WORK TO COMPLETE
In the copy, include every entry exactly but none of the pictures.

GIVEN RECORDS
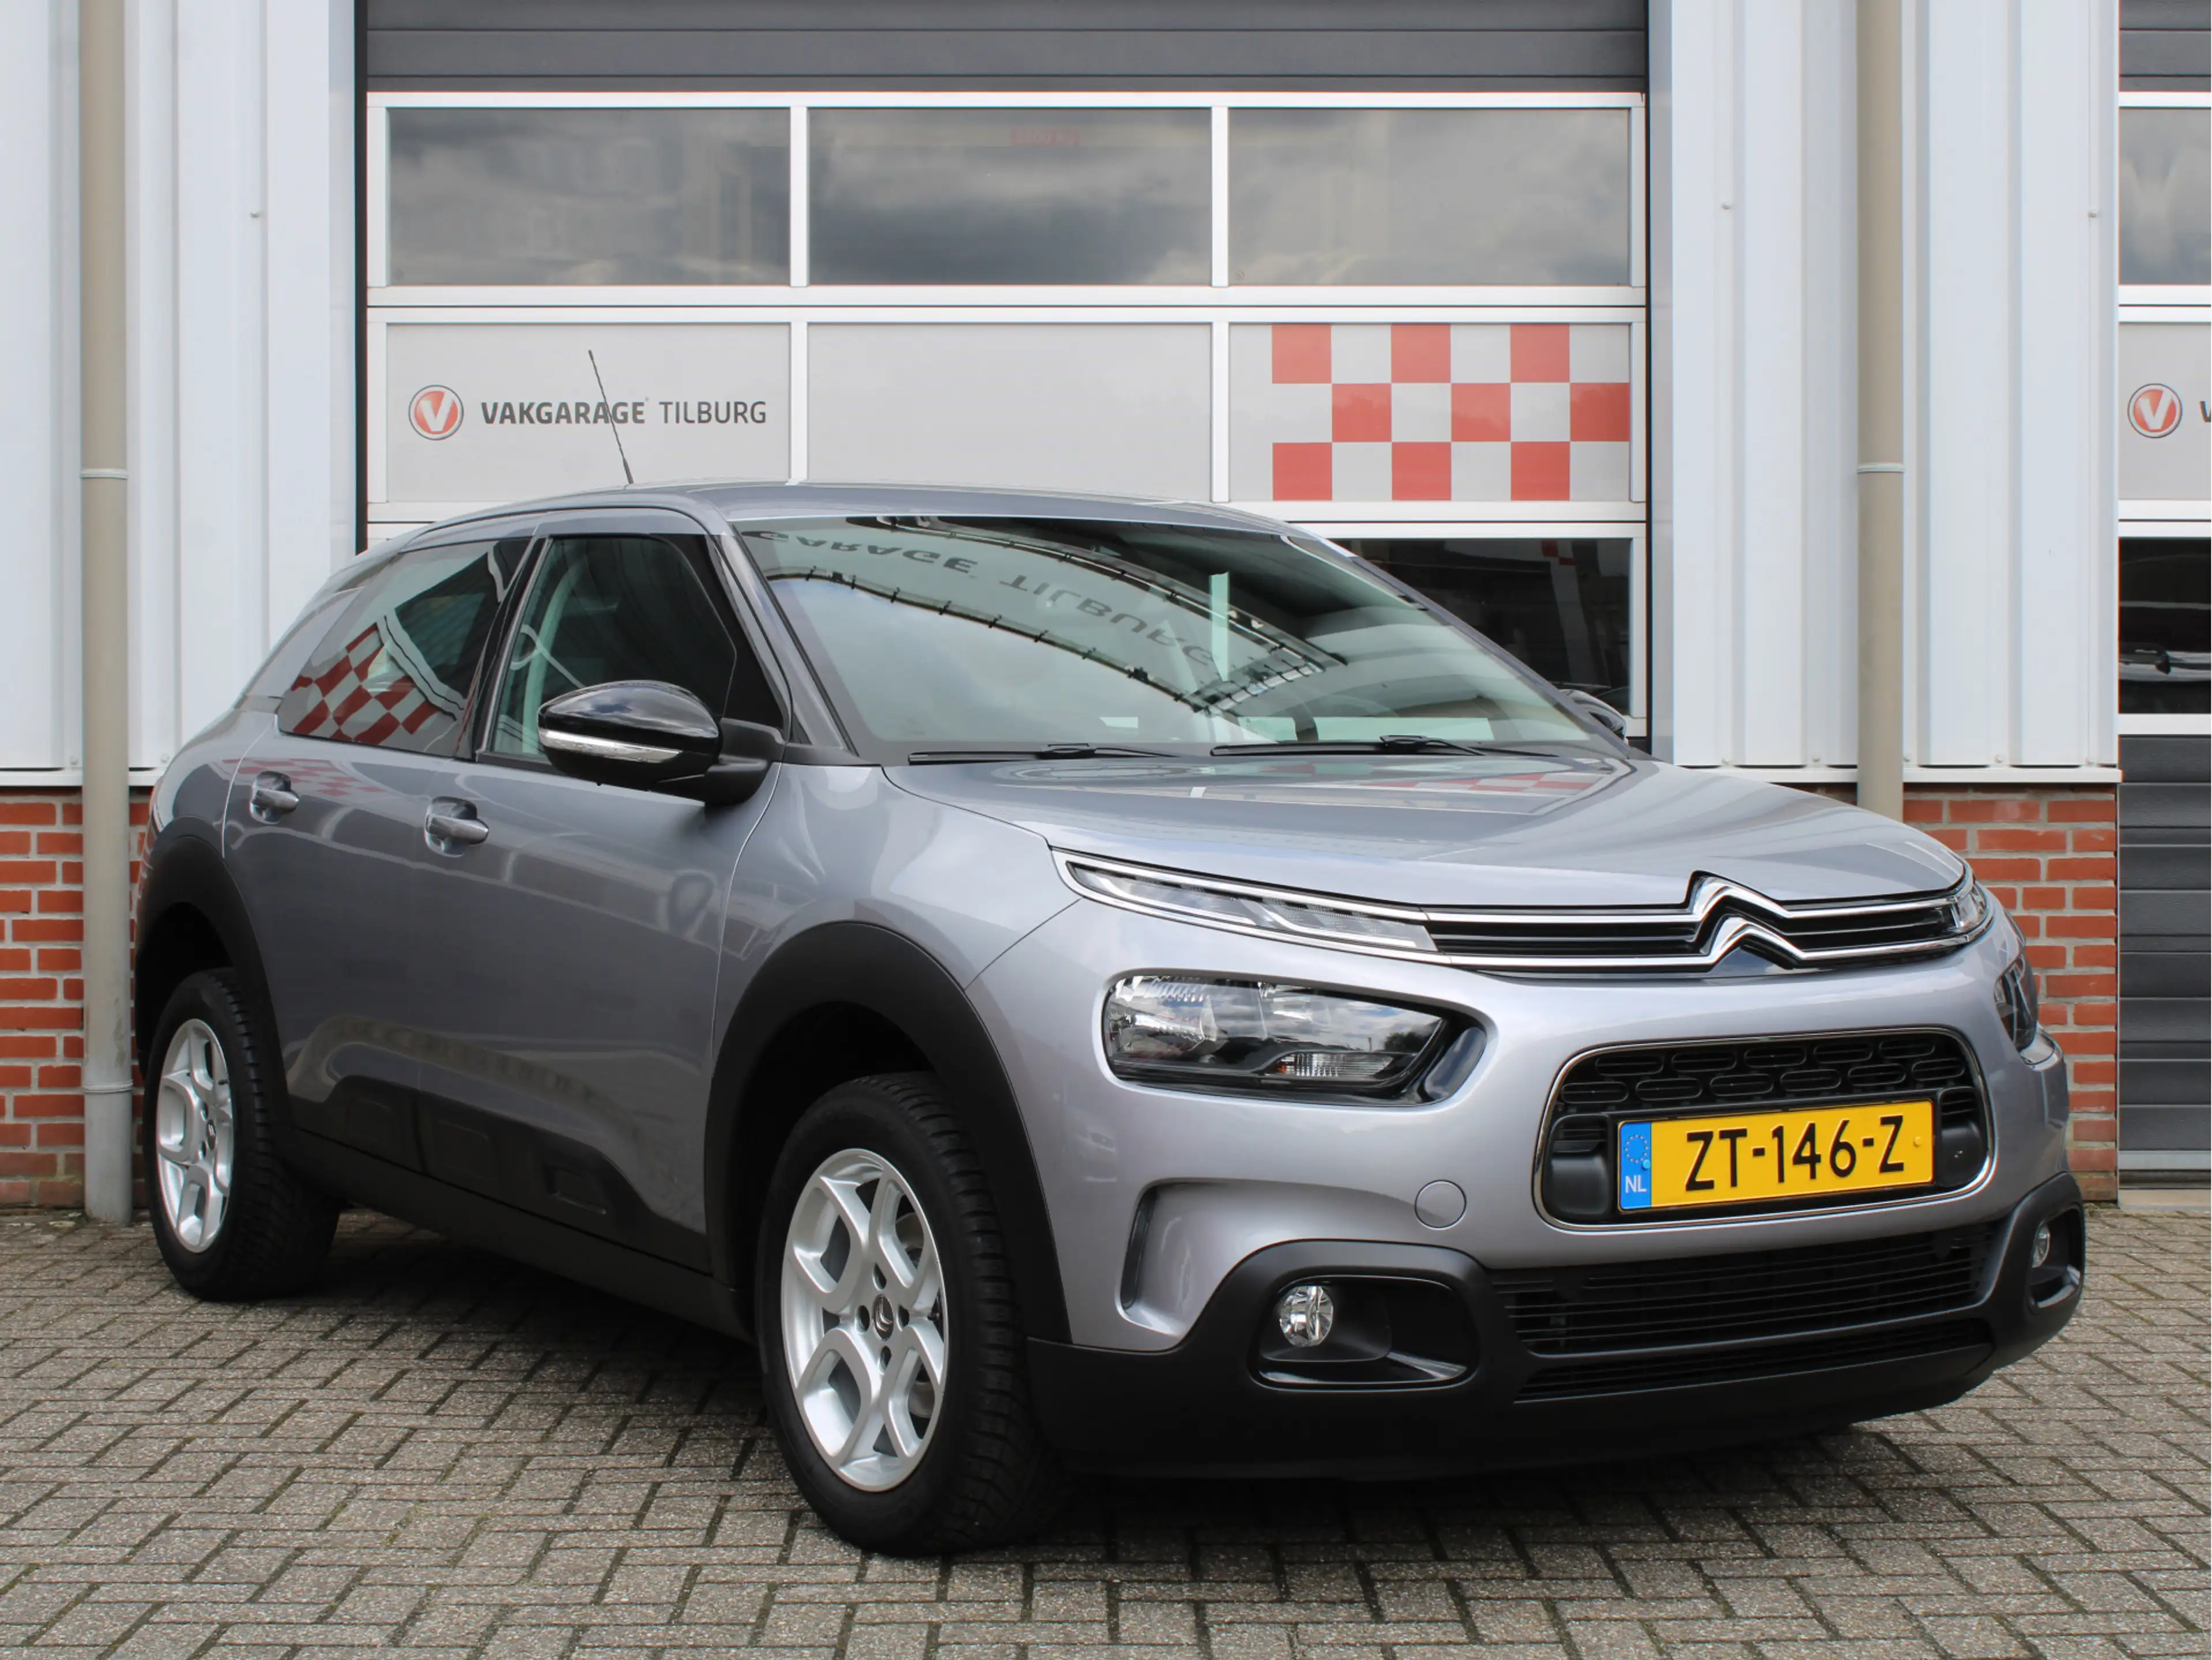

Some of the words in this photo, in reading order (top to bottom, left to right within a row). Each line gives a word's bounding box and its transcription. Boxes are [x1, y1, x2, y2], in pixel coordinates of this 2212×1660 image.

[481, 401, 646, 425] VAKGARAGE
[659, 400, 767, 424] TILBURG
[1685, 1114, 1905, 1192] ZT-146-Z
[1625, 1174, 1647, 1194] NL

WRITTEN RESPONSE
Some of the words in this photo, in reading order (top to bottom, left to right within a row). Each line gives a word's bounding box and its transcription. Boxes are [x1, y1, x2, y2], in pixel coordinates of this 2212×1660 image.

[481, 401, 646, 425] VAKGARAGE
[659, 400, 767, 424] TILBURG
[1685, 1114, 1905, 1192] ZT-146-Z
[1625, 1174, 1647, 1194] NL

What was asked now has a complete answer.